Cela étant dit, le feu a fait sa marque.

Les incendies notables de cette année comprenaient de vastes étendues de la forêt de Fort McMurray, un incendie de forêt dans la région de Rocky Mountain House et l’incendie de Chetamon Mountain près de Jasper qui a coupé l’électricité de la ville.

La Saskatchewan a connu une saison légèrement plus occupée, dépassant sa moyenne quinquennale pour le nombre d’incendies et d’hectares brûlés.

Il y a eu 443 incendies de forêt cette année par rapport à la moyenne quinquennale de 379.

Les pompiers travaillent contre un feu de forêt près de Stanley Mission, en Saskatchewan, à environ 55 kilomètres au nord-est de La Ronge, en juin. (Service régional d’incendie de La Ronge/Facebook)

Kara Slobodzian, responsable des relations avec les médias à la Saskatchewan Public Safety Agency, a déclaré que les incendies dans cette province cette année comprenaient un incendie qui a brûlé plus de 12 000 hectares et des évacuations forcées à Stanley Mission, à environ 80 kilomètres au nord-ouest de La Ronge.

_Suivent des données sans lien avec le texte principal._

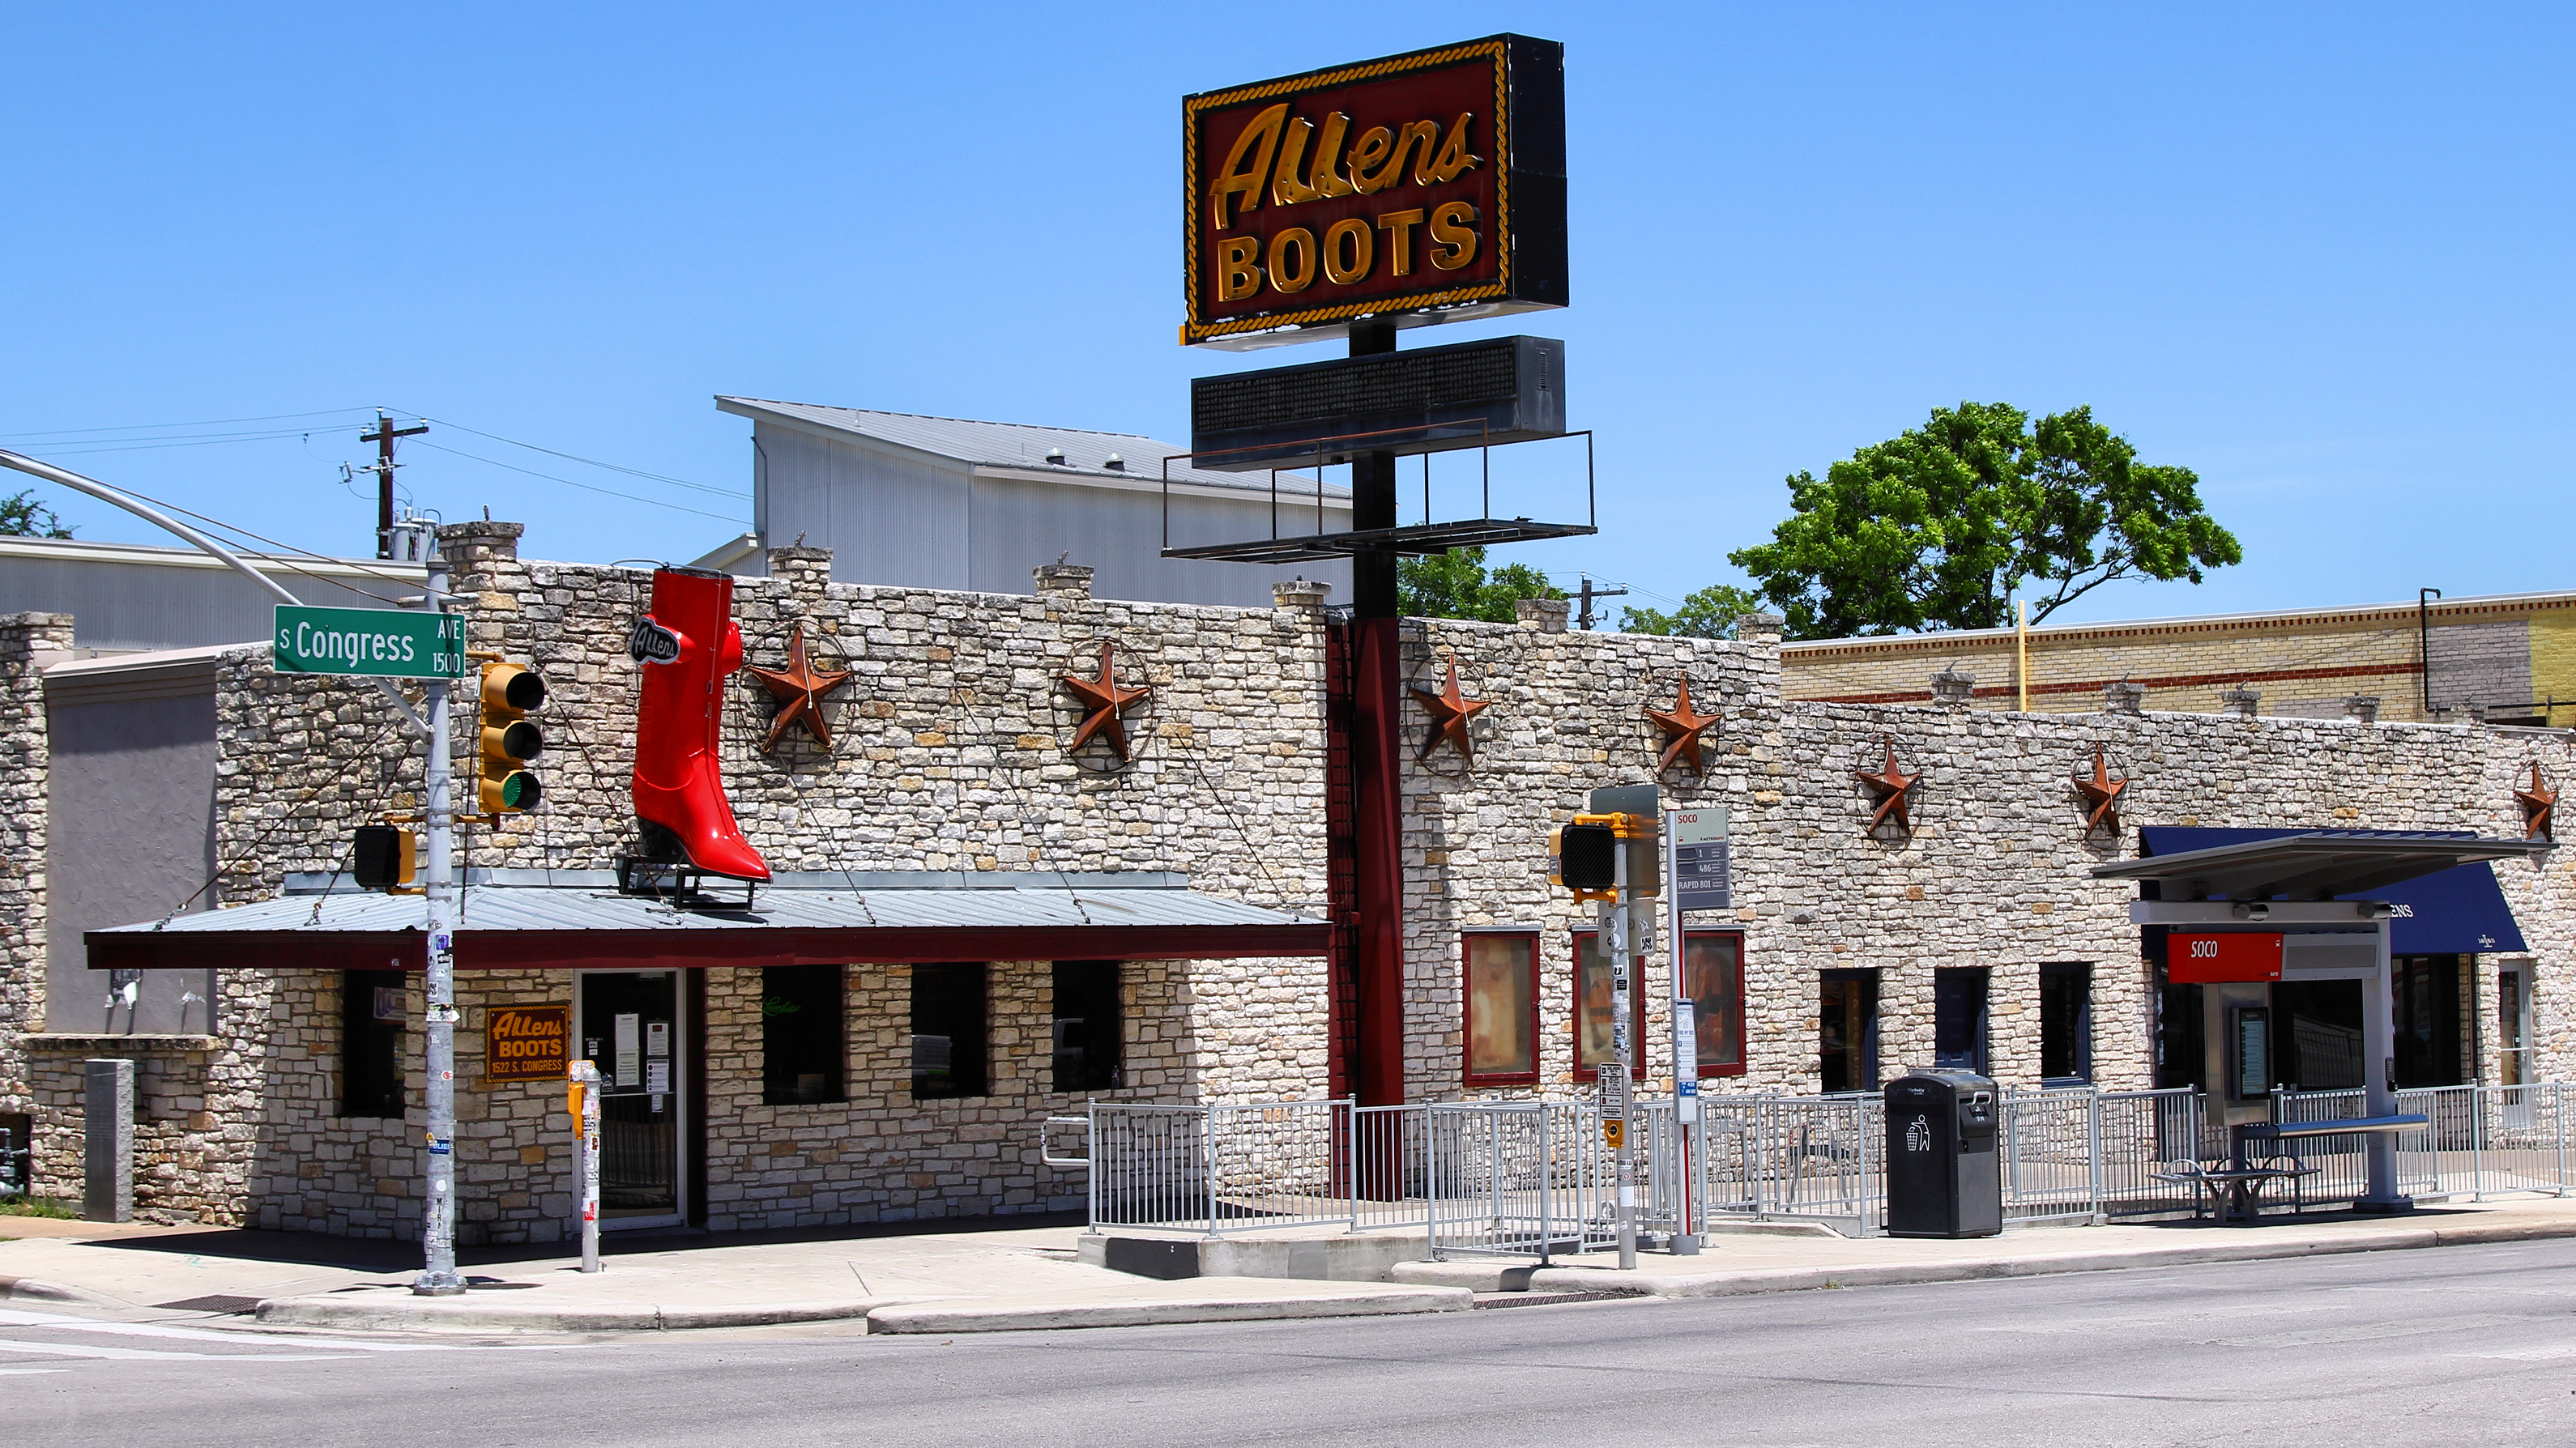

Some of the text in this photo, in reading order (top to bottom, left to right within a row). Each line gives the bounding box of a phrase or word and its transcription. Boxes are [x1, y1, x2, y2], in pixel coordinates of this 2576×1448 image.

[1209, 103, 1484, 230] Allens
[1218, 201, 1481, 302] BOOTS
[437, 619, 461, 640] AVE
[279, 621, 415, 669] S Congress
[634, 626, 675, 657] Allens
[433, 652, 461, 674] 1500
[1678, 814, 1698, 824] SOCO
[1699, 850, 1703, 858] 1
[1699, 864, 1712, 873] 486
[1678, 880, 1699, 890] RAPID
[1700, 879, 1711, 888] 801
[2190, 940, 2218, 958] SOCO
[493, 1011, 563, 1040] Allens
[499, 1038, 562, 1058] BOOTS
[492, 1059, 562, 1074] 1522 S. CONGRESS
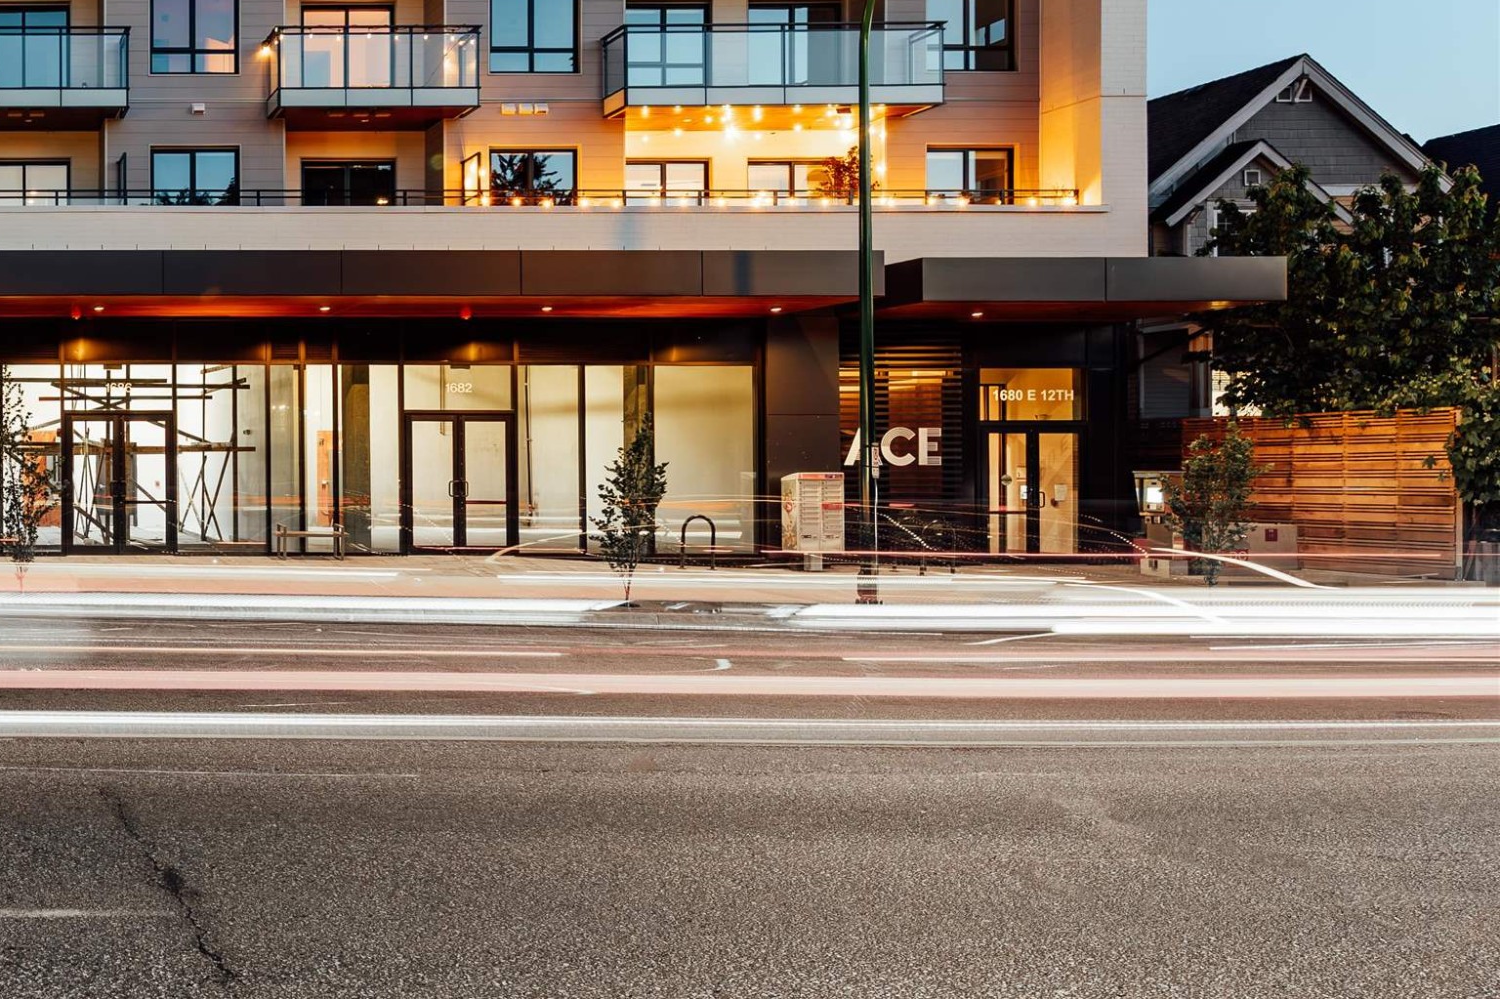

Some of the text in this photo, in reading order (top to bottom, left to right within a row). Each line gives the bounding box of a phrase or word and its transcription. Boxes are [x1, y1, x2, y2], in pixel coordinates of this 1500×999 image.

[445, 382, 473, 393] 1682
[993, 389, 1074, 401] 1680 E 12TH
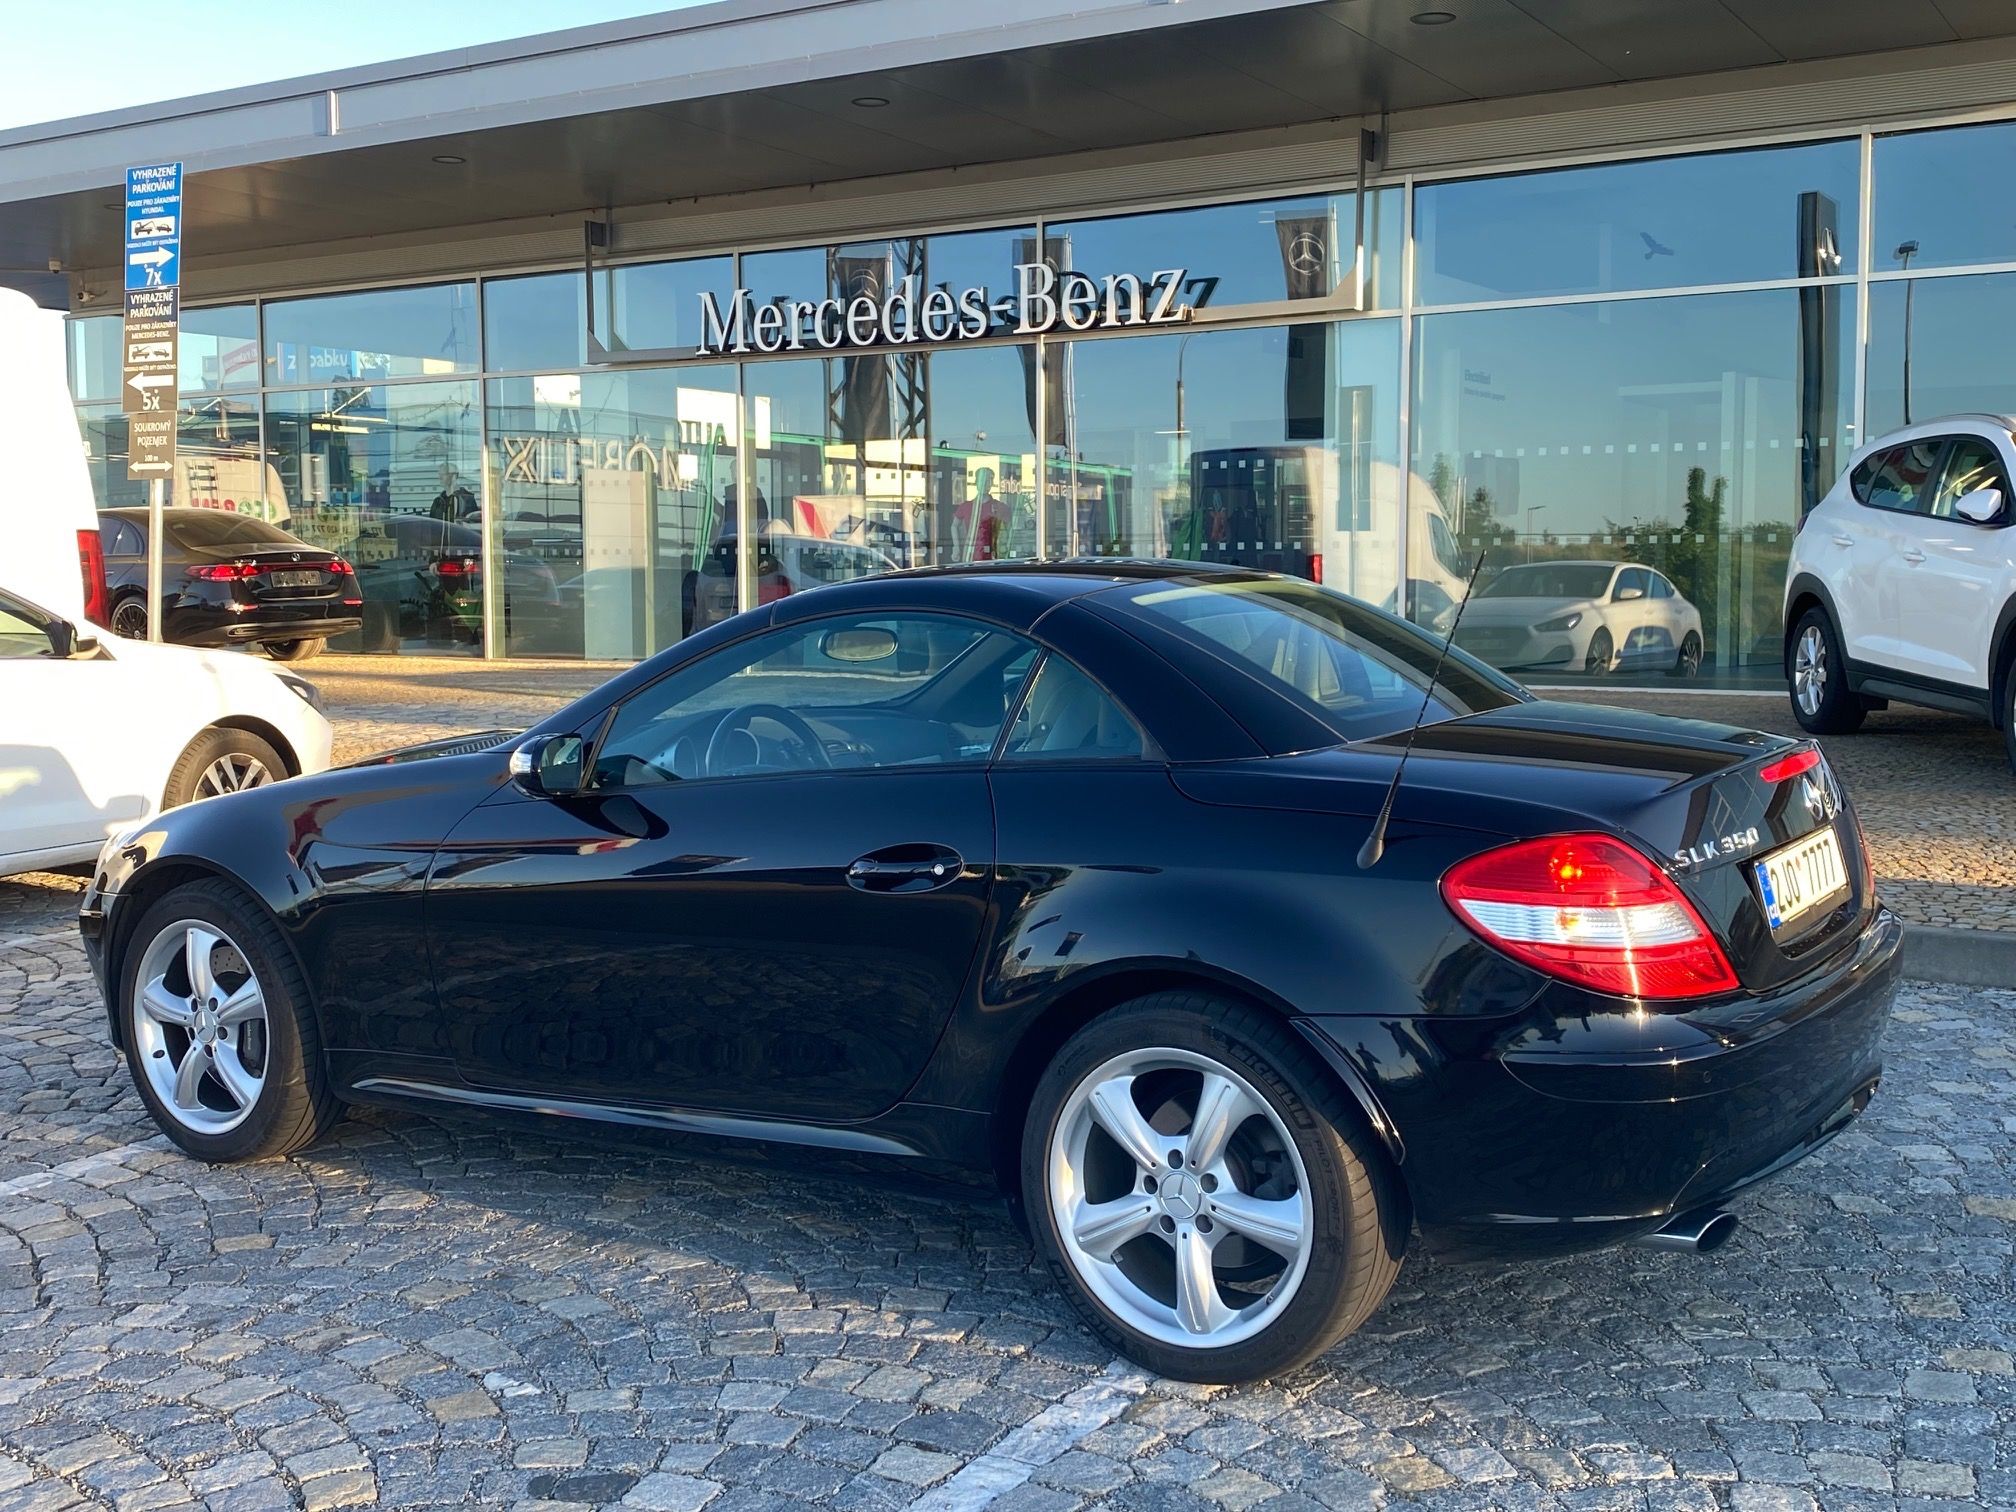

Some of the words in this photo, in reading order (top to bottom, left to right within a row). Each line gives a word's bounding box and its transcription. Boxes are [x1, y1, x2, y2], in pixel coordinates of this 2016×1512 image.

[132, 164, 177, 181] VYHRAZENÉ
[132, 178, 175, 194] PARKOVÁNÍ
[130, 289, 174, 306] VYHRAZENÉ
[130, 303, 173, 319] PARKOVÁNÍ
[696, 262, 1188, 357] Mercedes-Benz
[142, 392, 160, 410] 5x
[1674, 839, 1721, 868] SLK
[1721, 827, 1760, 854] 350

Saison tardive et plus calme pour la Colombie-Britannique

L’année dernière a été horrible pour les incendies de forêt en Colombie-Britannique. Lytton a brûlé jusqu’au sol, tuant deux personnes, et l’incendie de White Rock Lake au nord de Kelowna a brûlé plus de 80 000 hectares et détruit 78 propriétés dans le centre de l’Okanagan.

Cette année, la Colombie-Britannique a également connu un début de saison lent, avec un temps frais et humide ce printemps.

« L’accumulation d’énergie n’était tout simplement pas là étant donné que [fires] commençaient plus tard en juillet ou en août », explique Forrest Tower, un agent d’information sur les incendies de la Colombie-Britannique.

« La fenêtre de combustion, donc l’heure et le jour où un feu peut brûler, était de plus en plus courte à mesure que nous avancions vers l’automne. »

Cependant, cette année, il y a eu plus de 1 700 incendies, soit un peu plus que la moyenne décennale de la province. Environ 133 000 hectares brûlés, soit près de 300 000 hectares de moins que la moyenne décennale.

« Nous avons été très occupés tout au long des mois de juillet, août et presque tout le mois de septembre et même maintenant jusqu’à la fin octobre », explique Tower.

Des poches de flammes sont visibles dans une forêt dense, avec de la fumée qui monte.
À son apogée, le feu de forêt de Battleship Mountain s’est approché à moins de quatre kilomètres du barrage WAC Bennett et à huit kilomètres de la communauté de Hudson’s Hope, dans le nord-est de la Colombie-Britannique. (Service des feux de forêt de la Colombie-Britannique)

Malgré la fin de saison chargée, Tower dit que c’était une histoire différente de celle des saisons sévères passées comme on l’a vu en 2017, 2018 et 2021.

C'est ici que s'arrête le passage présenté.